C. Endurance test of C12A7:e- sample operating with argon.
Finally, the C12A7:e- emitter was tested for 120 hours (without any stop) in a plasma environment with Argon obtaining a great stability and performance due to the application of the charge coupling technique previously described. In this case, the test was performed with a signal cathode of 90 kHz-50% duty cycle. In Fig. 9 it is represented the evolution of the voltage cathode (Vrms), the anode and cathode current, and the sample temperature keeping a positively bias of 10 volts at the anode with a mass flow of 5 sccm of Argon. As it can be observed, the temperature increased from room temperature to approximately 125ºC. However, this temperature is measured in the metallic keeper situated near the emitter surface, and therefore, it differs from the real sample temperature that is closer to 300ºC.

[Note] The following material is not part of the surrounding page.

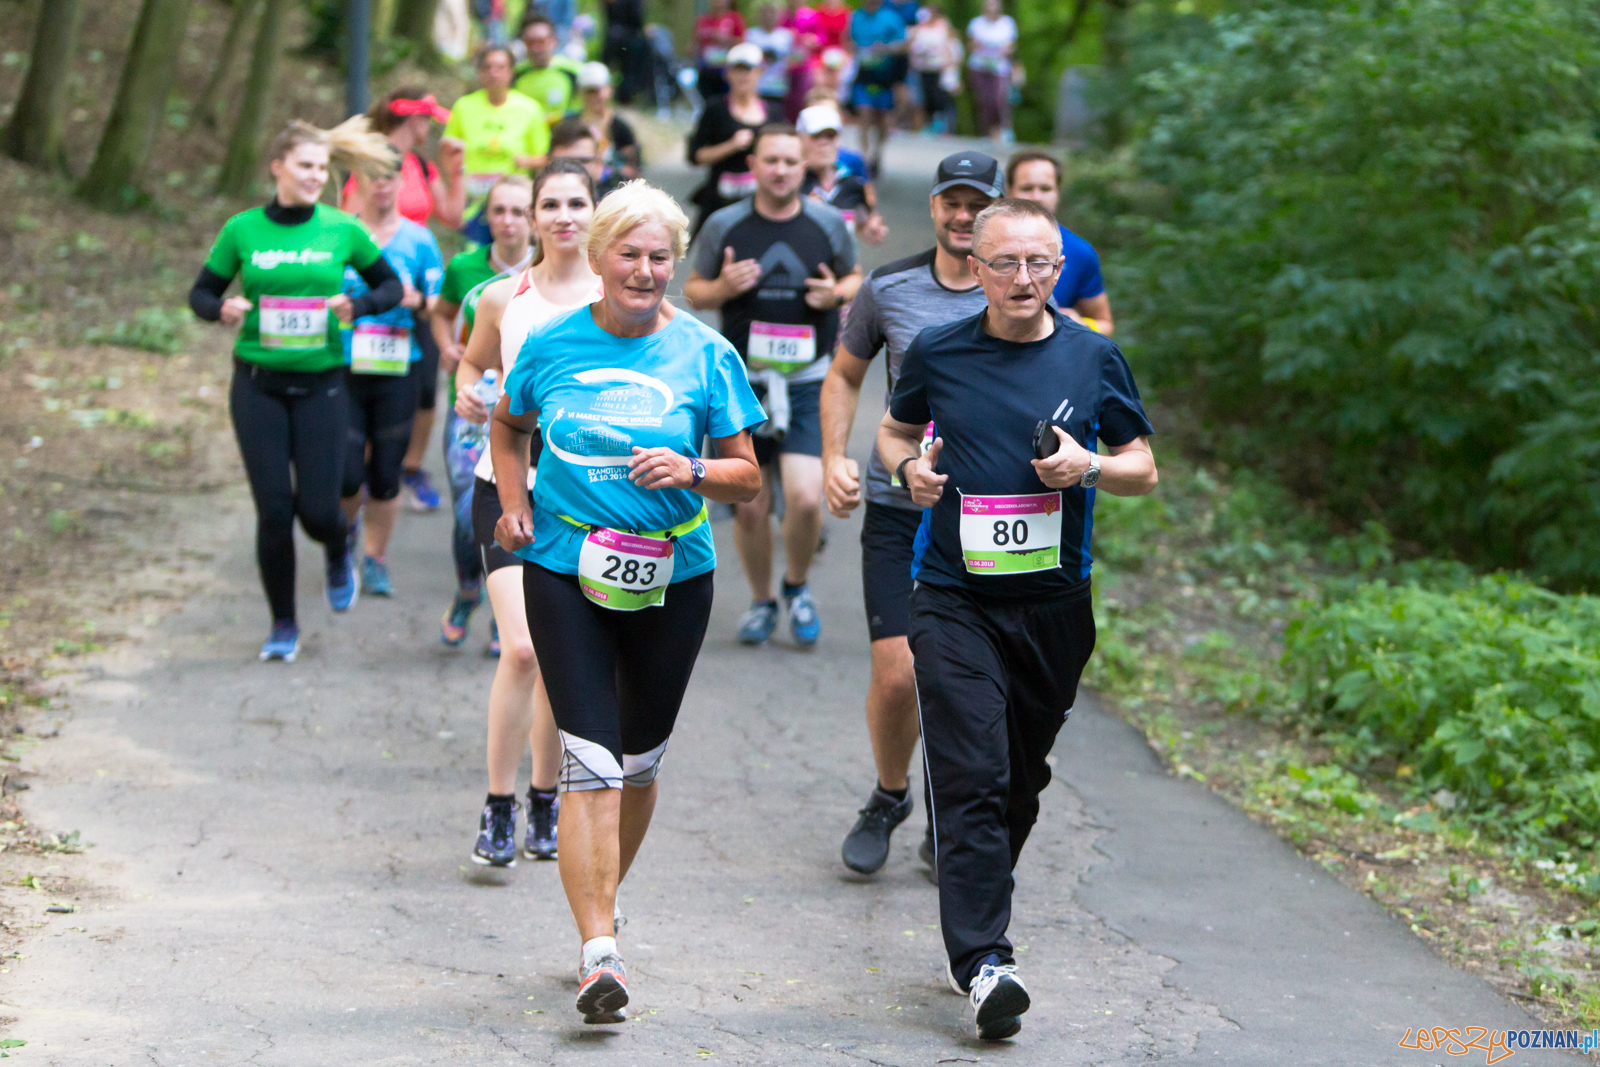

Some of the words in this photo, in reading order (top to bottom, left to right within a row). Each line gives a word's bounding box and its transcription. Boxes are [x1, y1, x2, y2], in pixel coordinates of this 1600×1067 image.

During the final hours of the test, a slight decrease in the cathode and anode current was observed. After the experiment, the sample was measured and analysed detecting a minor change in the expected composition of the C12A7:e- surface. In addition, we observed some sputtering evidence in the sample surface so that the application of lower cathode voltages could be the preferred solution. For this reason, further tests are programmed to check the reliability and endurance of the electride sample for 300 hours.